Now we’re ready to startup our virtual machines in the new version of VirtualBox. I will immediately attempt two tasks. One, run ‘Scaled Mode’ checking for mouse delay, and two, try again to install the ‘Guest Additions’ from within Windows 10 Tech Preview. If I am successful I may make a follow up post with those instructions.
That’s it for now.
Windows 10 tech preview (win10) is the newest version of Microsoft Windows (not yet complete), and has been released for public trials. I, as well as others, want to experiment with an installation of this trial operating system. For this I thought I would use a virtual machine. This post documents my experience using VirtualBox (VB) on my MacMini model: late-2011, with OSX 10.9.5 to create an win10 installation. Here are the steps to get up and running .
First, I downloaded the win10 source disk image. You can find a link to the download on the following Microsoft page: http://windows.microsoft.com/en-us/windows/preview-iso. You only get two choices: 1) What language, and 2) whether it’s going to be 32 bit or 64 bit? I chose 64 bit because my MacMini runs a 64 bit OS, and supports 64 bit virtualization. For these test I don’t see an advantage of 64 bit over 32 bit. Depending on usage case I may change to 32 bit in the future. The download file is around 3-4GB in size, so it maybe a slow download for anyone on Telmex’s DSL connection. Just be patient!

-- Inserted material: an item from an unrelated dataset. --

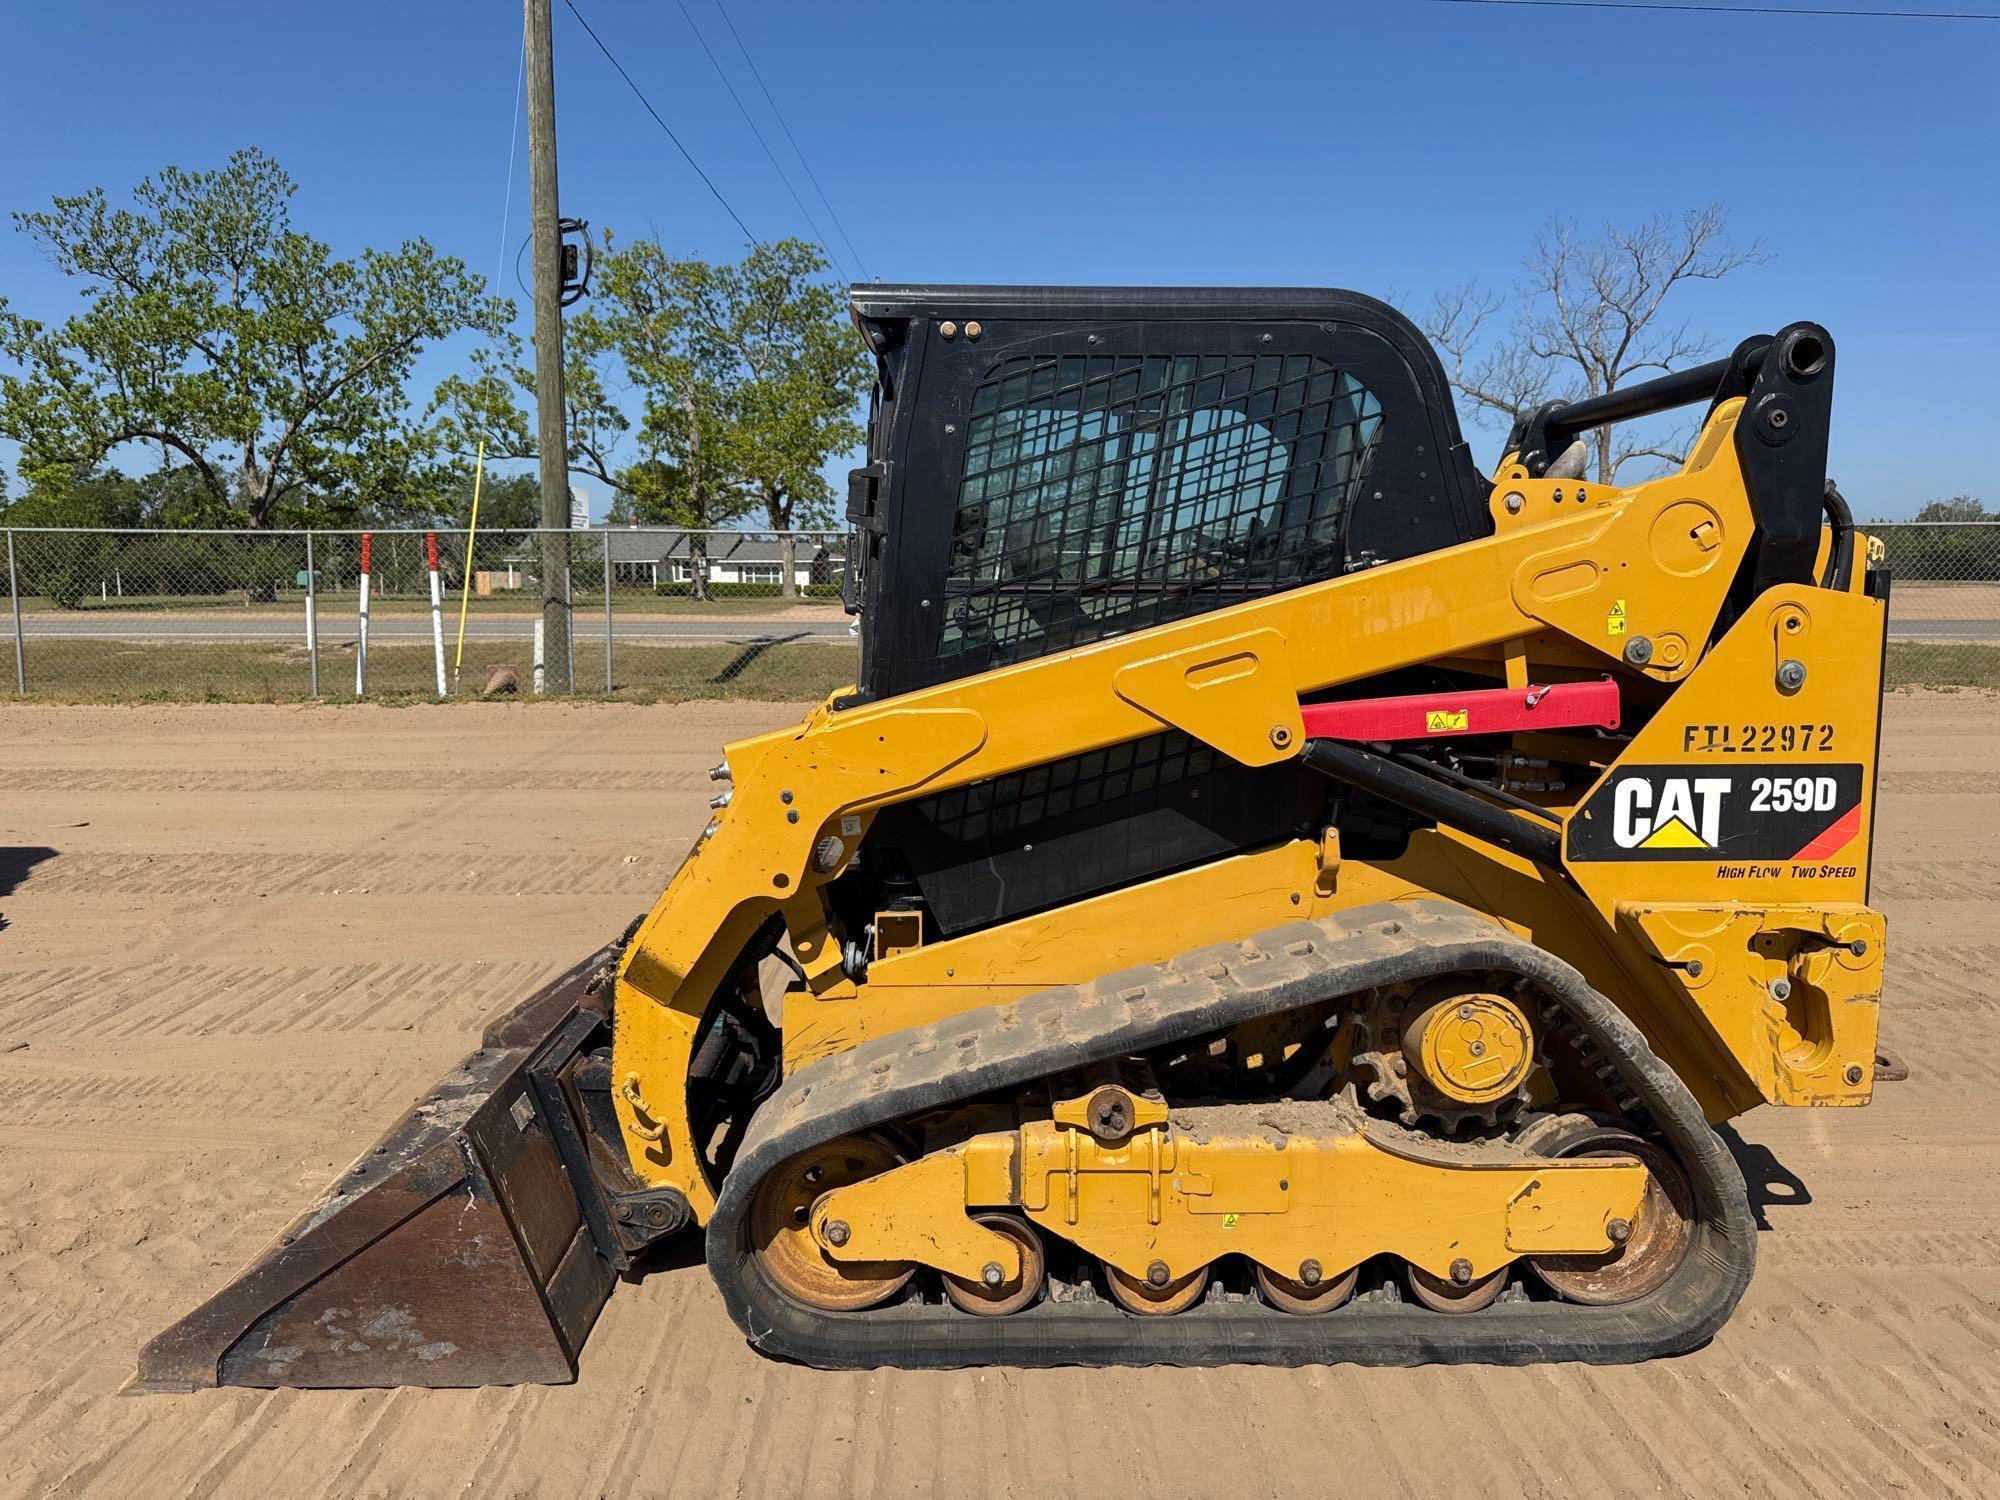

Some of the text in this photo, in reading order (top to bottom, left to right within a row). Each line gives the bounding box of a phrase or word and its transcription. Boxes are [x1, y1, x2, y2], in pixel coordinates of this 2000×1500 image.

[1683, 725, 1834, 753] FTL22972
[1750, 777, 1837, 812] 259D
[1612, 777, 1731, 849] CAT

Second, (while you”re waiting for the win10 download,) if you don’t already have VirtualBox (VB) installed (I do already; I do this stuff often), then you’ll need to go download and install their application from the website: https://www.virtualbox.org/. VB is a much smaller program then the win10 disk image, so it should download and be ready quicker. Install and run VB.
Third, setup a new virtual machine (vm) for use later to install win10.
Click the VirtualBox Manager’s ‘New’ button to bring up the first page of the configurations. Give your vm a descriptive name and choose either Windows 8.1 (64 bit) or (32 bit) depending on the version of win10 you downloaded. Click ‘Continue’ and then VB’s setup will ask you for to set how much memory the vm needs for the operating system.
Note: According to an article in PCWorld the system requirements for win10 are the same requirements from Windows 8.1. This means: 2GB of memory for 64 Bit (or 1GB of memory for 32bit), 1GHz CPU, and 16GB of hard disk.
The 2GB of ram has been selected for me by default. I wont change it, and it’s not a problem on my system since my mac has 8GB of ram installed.
Note: I do have another vm running regularly that uses 3/4 GB of ram (I hope I don’t have trouble running the win10 vm along side my other vm.)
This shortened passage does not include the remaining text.